Google Open Source Blog: Data

Showing posts with label Data. Show all posts

Producer java library for Data Lineage is now open source

Tuesday, January 28, 2025

Integrating OpenLineage producers with GCP Lineage just got a lot easier

What is Data Lineage

Data Lineage is a GCP feature that allows tracking data movement. This tool helps data owners and analysts detect anomalies in data flows, find connections between data sources and verify the potential consequences of planned changes in data pipelines.

Lineage is injected automatically for some Google Cloud products (BigQuery, Cloud Data Fusion, Cloud Composer, Dataproc, Vertex AI). That means, if Lineage integration with any of those products is enabled in the projects, data movements coming from executing jobs by these products will be reported to GCP Lineage.

For custom integrations, the API can be used to report and fetch lineage.

After injecting, lineage can be viewed in the Google Cloud console (available from DataCatalog UI, BigQuery UI, Vertex UI). There are two representations: graph view, with data sources as nodes and data movements as edges, and list view, a tabular representation. Lineage information can also be fetched from the API.

More information is available in the documentation.

GCP Lineage information model

We describe data flows using the following concepts:

Process is a definition of some data transformation. For example, a SQL or Spark script.

Run is an execution of a Process.

Lineage Event is a data transformation event. It is reported in context of a Run.

A Link represents a connection between two data sources, when data in the link’s Target depends on its Source. A Lineage Event contains a list of Links.

OpenLineage support

OpenLineage is an open standard for reporting lineage information. It unifies lineage reporting between systems, which means the events generated in this format can be consumed by any product supporting it. This leads to more flexibility: adding or replacing a lineage producer does not imply changing the consumer, and vice versa.

OpenLineage format is adopted by a number of lineage producers and consumers, meaning there is already tooling available to report lineage from/to those systems. GCP Lineage is one of those consumers: users can report events in OpenLineage format, see the resulting lineage on the UI, and query it via the API.

OpenLineage is the preferred method for reporting lineage in GCP Lineage. It is used by the Dataproc lineage integration. To find out more about sending OpenLineage events to GCP Lineage refer to the documentation.

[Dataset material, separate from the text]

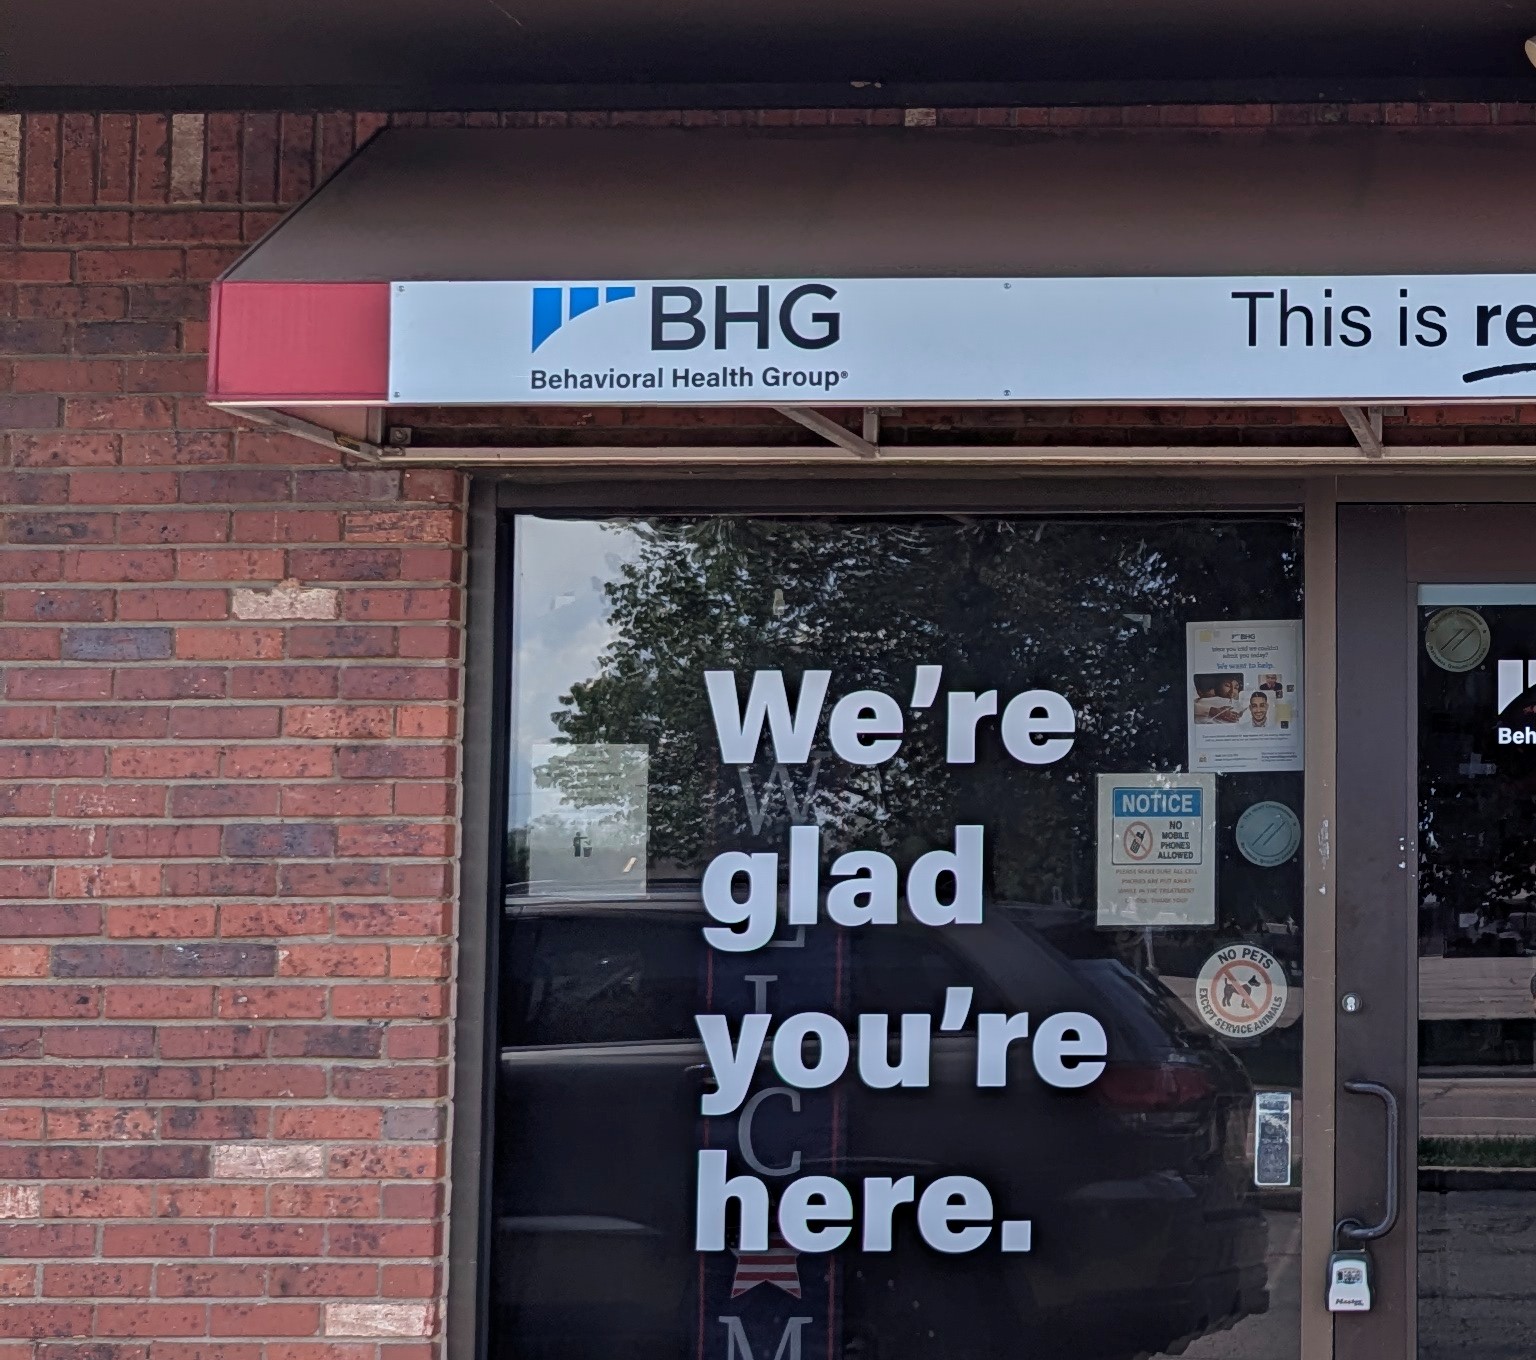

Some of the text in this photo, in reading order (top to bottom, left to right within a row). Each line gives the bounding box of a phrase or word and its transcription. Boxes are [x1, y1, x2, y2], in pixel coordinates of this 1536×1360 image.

After injecting lineage in OpenLineage format, it can be accessed in the same way as if it was injected via other API methods or automatically: from the Google Cloud console or the API.

Why producer library

The GCP Lineage producer library is an extension of the client library. Client libraries are recommended for calling Cloud APIs programmatically. They handle low level API call details, leaving the necessary user code simpler and shorter.

The producer library further simplifies integration by providing ready to use code needed to call the API from Java. It adds additional functionality such as synchronous and asynchronous clients, translating OpenLineage JSON messages to the API friendly format, error handling etc.

Using the producer library, all the code needed to send a request to GCP Lineage API is:

SyncLineageProducerClient client = SyncLineageProducerClient.create();
ProcessOpenLineageRunEventRequest request =
        ProcessOpenLineageRunEventRequest.newBuilder()
            .setParent(parent)
            .setOpenLineage(openLineageMessage)
            .build();
client.processOpenLineageRunEvent(request);

The field openLineageMessage here is a protobuf Struct that includes information about job execution, inputs and outputs and other metadata. The object model is described in the documentation. An example message is:

{
  "eventType": "START",
  "eventTime": "2023-04-04T13:21:16.098Z",
  "run": {
    "runId": "502483d6-3e3d-474f-9380-da565eaa7516",
    "facets": {
       "spark_properties": {
        "_producer": "https://github.com/OpenLineage/OpenLineage/tree/1.22.0/integration/spark",
        "_schemaURL": "https://openlineage.io/spec/2-0-2/OpenLineage.json#/$defs/RunFacet",
        "properties": {
          "spark.master": "yarn",
          "spark.app.name": "sparkJobTest.py"
        }
      }
    }
  },
  "job": {
    "namespace": "project-name",
    "name": "cluster-name",
    "facets": {
    "jobType": {
        "_producer": "https://github.com/OpenLineage/OpenLineage/tree/1.22.0/integration/spark",
        "_schemaURL": "https://openlineage.io/spec/facets/2-0-3/JobTypeJobFacet.json#/$defs/JobTypeJobFacet",
        "processingType": "BATCH",
        "integration": "SPARK",
        "jobType": "SQL_JOB"
      },

    }
  },
  "inputs": [
    {
      "namespace": "bigquery",
      "name": "project.dataset.input_table",
    }],
  "outputs": [
   {
      "namespace": "bigquery",
      "name": "project.dataset.output_table",
    }],
  "producer": "https://github.com/OpenLineage/OpenLineage/tree/0.18.0/integration/spark",
  "schemaURL": "https://openlineage.io/spec/1-0-5/OpenLineage.json#/$defs/RunEvent"
}

Learn more about building an OpenLineage message.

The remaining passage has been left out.